Featured Exhibitions

Fighting with Shadows


Tracy Sweeney is an award-winning, visual artist based in Straide, Co. Mayo, in the West of Ireland.

Her unique, visceral, multi-media works caught the attention of the Mulvey family, based in the US, who commissioned her to create a piece for Ireland’s Great Hunger Museum, in Hamden, Connecticut.  The commission was in honour of their aunt, Nancy Colleran. The connection with their ancestral home beside Sweeney’s studio in Straide was astounding, in addition to being the birthplace of Michael Davitt, founder of the Irish Land League.

Sweeney’s abstract works are held in major international collections. This is her debut exhibition in the US.

Go Home Paddy


When arriving on American shores in 1848, Paddy Brennan found the same miseries that he had left behind in Ireland: bigotry, poverty and hatred. The Americans detested the Irish — and in no city were they more despised than in Boston. Now, in the 20th Century, Paddy is amazed at how quickly the Irish have come to succeed in the New World. But after a bitter argument with a bartender about Race, Paddy quickly realizes that some things never change—only the roles of those involved. As Paddy goes on to educate the young man about his own people’s wretched history in both Ireland and America, he speeds towards the dark wound in his own heart; his own horrible act of intolerance. 

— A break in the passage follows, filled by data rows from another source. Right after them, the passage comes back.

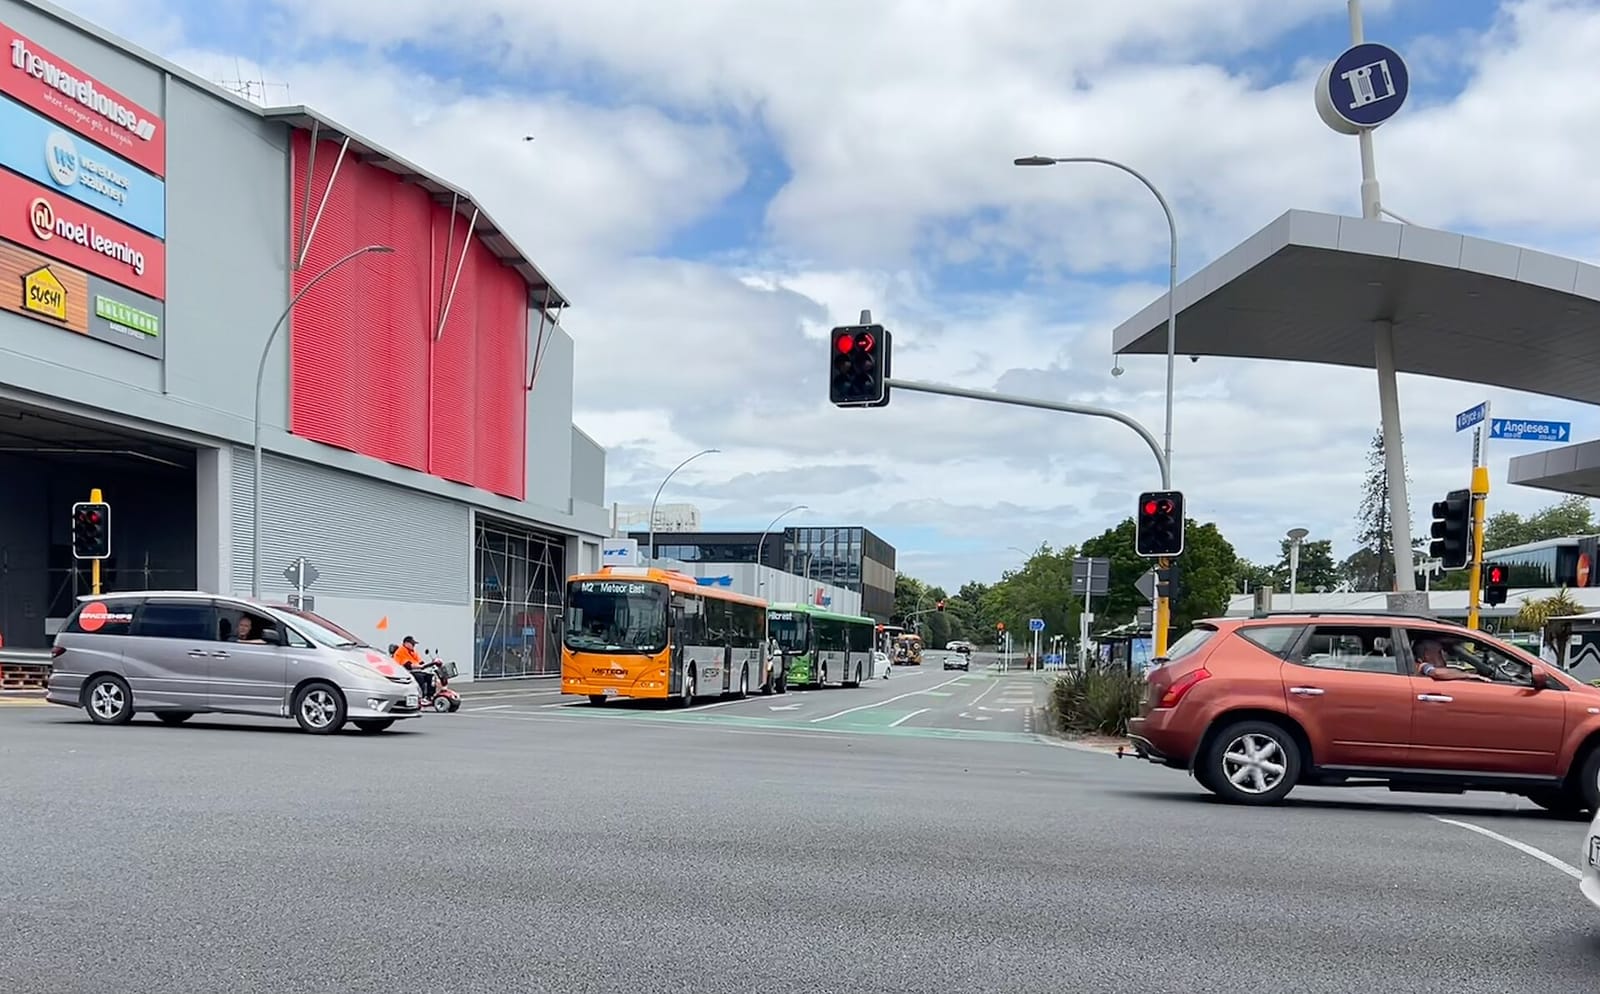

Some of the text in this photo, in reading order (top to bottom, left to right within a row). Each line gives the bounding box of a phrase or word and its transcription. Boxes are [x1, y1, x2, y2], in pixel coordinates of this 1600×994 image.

[56, 218, 144, 276] noel leeming
[30, 284, 61, 309] SUSHI
[1503, 420, 1549, 434] Anglesea
[581, 582, 645, 594] M2 Meteor East
[591, 667, 628, 676] METEOR

GO HOME PADDY, a graphic novel, is the tale of one Irish immigrant’s aching struggle to find his way in a Bostonian society that fears and hates him while desperately attempting to hold on to his own humanity. Heartbreaking, thought-provoking and ultimately uplifting, this unique narrative incorporates historical details such as the Great Hunger, the rise of the Know-Nothings, Victorian prejudices and the Great Boston Fire of 1872. GO HOME PADDY is also timely as it examines the role of immigration, race relations and religion in American society — hot political topics of today. GO HOME PADDY is a graphic novel of around 200 pages and illustrated using the Victorian simian stereotype of the Irish.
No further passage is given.